___ GIVEN DATA

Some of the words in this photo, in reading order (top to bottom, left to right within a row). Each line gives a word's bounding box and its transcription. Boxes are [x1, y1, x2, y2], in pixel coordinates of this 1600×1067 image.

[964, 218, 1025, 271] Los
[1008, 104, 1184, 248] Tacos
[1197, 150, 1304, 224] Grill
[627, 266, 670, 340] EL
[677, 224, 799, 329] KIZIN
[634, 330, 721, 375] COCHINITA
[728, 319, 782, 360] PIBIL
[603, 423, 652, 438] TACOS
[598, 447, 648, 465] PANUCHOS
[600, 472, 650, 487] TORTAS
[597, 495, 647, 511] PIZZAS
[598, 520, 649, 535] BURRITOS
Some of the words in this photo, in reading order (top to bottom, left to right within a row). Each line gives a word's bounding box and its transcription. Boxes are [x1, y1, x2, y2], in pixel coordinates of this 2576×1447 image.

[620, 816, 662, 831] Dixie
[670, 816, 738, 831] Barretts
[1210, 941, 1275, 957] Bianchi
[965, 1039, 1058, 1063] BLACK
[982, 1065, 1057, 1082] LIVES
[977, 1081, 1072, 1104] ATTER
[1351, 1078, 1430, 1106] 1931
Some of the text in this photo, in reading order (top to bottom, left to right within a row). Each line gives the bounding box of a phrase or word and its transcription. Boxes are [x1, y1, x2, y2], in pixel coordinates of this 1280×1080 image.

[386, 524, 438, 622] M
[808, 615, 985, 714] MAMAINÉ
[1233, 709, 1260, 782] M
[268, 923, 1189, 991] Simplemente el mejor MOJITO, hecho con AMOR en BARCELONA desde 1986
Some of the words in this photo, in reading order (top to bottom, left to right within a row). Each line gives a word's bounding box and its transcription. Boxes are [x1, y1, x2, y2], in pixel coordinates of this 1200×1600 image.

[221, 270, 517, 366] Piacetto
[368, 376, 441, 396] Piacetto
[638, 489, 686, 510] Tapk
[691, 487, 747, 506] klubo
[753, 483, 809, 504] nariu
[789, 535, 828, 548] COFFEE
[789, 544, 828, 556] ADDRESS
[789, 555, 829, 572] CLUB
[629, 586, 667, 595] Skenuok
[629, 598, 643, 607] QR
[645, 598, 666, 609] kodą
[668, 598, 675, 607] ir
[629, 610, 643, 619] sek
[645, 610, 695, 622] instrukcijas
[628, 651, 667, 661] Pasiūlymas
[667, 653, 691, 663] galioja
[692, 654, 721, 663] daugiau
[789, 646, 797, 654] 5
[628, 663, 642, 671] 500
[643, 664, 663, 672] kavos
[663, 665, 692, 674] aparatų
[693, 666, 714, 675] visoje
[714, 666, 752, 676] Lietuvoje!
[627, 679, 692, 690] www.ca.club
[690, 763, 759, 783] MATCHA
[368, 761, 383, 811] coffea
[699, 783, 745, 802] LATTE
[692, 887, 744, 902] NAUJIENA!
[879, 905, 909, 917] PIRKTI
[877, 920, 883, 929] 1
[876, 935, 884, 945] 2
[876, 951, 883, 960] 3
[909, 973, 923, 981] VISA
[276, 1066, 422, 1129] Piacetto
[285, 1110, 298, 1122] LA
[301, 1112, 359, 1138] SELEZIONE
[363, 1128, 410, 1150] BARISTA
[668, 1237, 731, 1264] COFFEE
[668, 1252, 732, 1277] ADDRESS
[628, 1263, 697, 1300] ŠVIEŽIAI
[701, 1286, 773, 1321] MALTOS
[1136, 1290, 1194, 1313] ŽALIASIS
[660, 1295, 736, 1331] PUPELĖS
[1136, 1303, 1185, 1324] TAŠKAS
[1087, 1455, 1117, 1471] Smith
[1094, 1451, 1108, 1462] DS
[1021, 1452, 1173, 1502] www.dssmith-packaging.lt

______

The expected response is every record, reproduced word for word.

Some of the words in this photo, in reading order (top to bottom, left to right within a row). Each line gives a word's bounding box and its transcription. Boxes are [x1, y1, x2, y2], in pixel coordinates of this 1600×1067 image.

[964, 218, 1025, 271] Los
[1008, 104, 1184, 248] Tacos
[1197, 150, 1304, 224] Grill
[627, 266, 670, 340] EL
[677, 224, 799, 329] KIZIN
[634, 330, 721, 375] COCHINITA
[728, 319, 782, 360] PIBIL
[603, 423, 652, 438] TACOS
[598, 447, 648, 465] PANUCHOS
[600, 472, 650, 487] TORTAS
[597, 495, 647, 511] PIZZAS
[598, 520, 649, 535] BURRITOS
Some of the words in this photo, in reading order (top to bottom, left to right within a row). Each line gives a word's bounding box and its transcription. Boxes are [x1, y1, x2, y2], in pixel coordinates of this 2576×1447 image.

[620, 816, 662, 831] Dixie
[670, 816, 738, 831] Barretts
[1210, 941, 1275, 957] Bianchi
[965, 1039, 1058, 1063] BLACK
[982, 1065, 1057, 1082] LIVES
[977, 1081, 1072, 1104] ATTER
[1351, 1078, 1430, 1106] 1931
Some of the text in this photo, in reading order (top to bottom, left to right within a row). Each line gives the bounding box of a phrase or word and its transcription. Boxes are [x1, y1, x2, y2], in pixel coordinates of this 1280×1080 image.

[386, 524, 438, 622] M
[808, 615, 985, 714] MAMAINÉ
[1233, 709, 1260, 782] M
[268, 923, 1189, 991] Simplemente el mejor MOJITO, hecho con AMOR en BARCELONA desde 1986
Some of the words in this photo, in reading order (top to bottom, left to right within a row). Each line gives a word's bounding box and its transcription. Boxes are [x1, y1, x2, y2], in pixel coordinates of this 1200×1600 image.

[221, 270, 517, 366] Piacetto
[368, 376, 441, 396] Piacetto
[638, 489, 686, 510] Tapk
[691, 487, 747, 506] klubo
[753, 483, 809, 504] nariu
[789, 535, 828, 548] COFFEE
[789, 544, 828, 556] ADDRESS
[789, 555, 829, 572] CLUB
[629, 586, 667, 595] Skenuok
[629, 598, 643, 607] QR
[645, 598, 666, 609] kodą
[668, 598, 675, 607] ir
[629, 610, 643, 619] sek
[645, 610, 695, 622] instrukcijas
[628, 651, 667, 661] Pasiūlymas
[667, 653, 691, 663] galioja
[692, 654, 721, 663] daugiau
[789, 646, 797, 654] 5
[628, 663, 642, 671] 500
[643, 664, 663, 672] kavos
[663, 665, 692, 674] aparatų
[693, 666, 714, 675] visoje
[714, 666, 752, 676] Lietuvoje!
[627, 679, 692, 690] www.ca.club
[690, 763, 759, 783] MATCHA
[368, 761, 383, 811] coffea
[699, 783, 745, 802] LATTE
[692, 887, 744, 902] NAUJIENA!
[879, 905, 909, 917] PIRKTI
[877, 920, 883, 929] 1
[876, 935, 884, 945] 2
[876, 951, 883, 960] 3
[909, 973, 923, 981] VISA
[276, 1066, 422, 1129] Piacetto
[285, 1110, 298, 1122] LA
[301, 1112, 359, 1138] SELEZIONE
[363, 1128, 410, 1150] BARISTA
[668, 1237, 731, 1264] COFFEE
[668, 1252, 732, 1277] ADDRESS
[628, 1263, 697, 1300] ŠVIEŽIAI
[701, 1286, 773, 1321] MALTOS
[1136, 1290, 1194, 1313] ŽALIASIS
[660, 1295, 736, 1331] PUPELĖS
[1136, 1303, 1185, 1324] TAŠKAS
[1087, 1455, 1117, 1471] Smith
[1094, 1451, 1108, 1462] DS
[1021, 1452, 1173, 1502] www.dssmith-packaging.lt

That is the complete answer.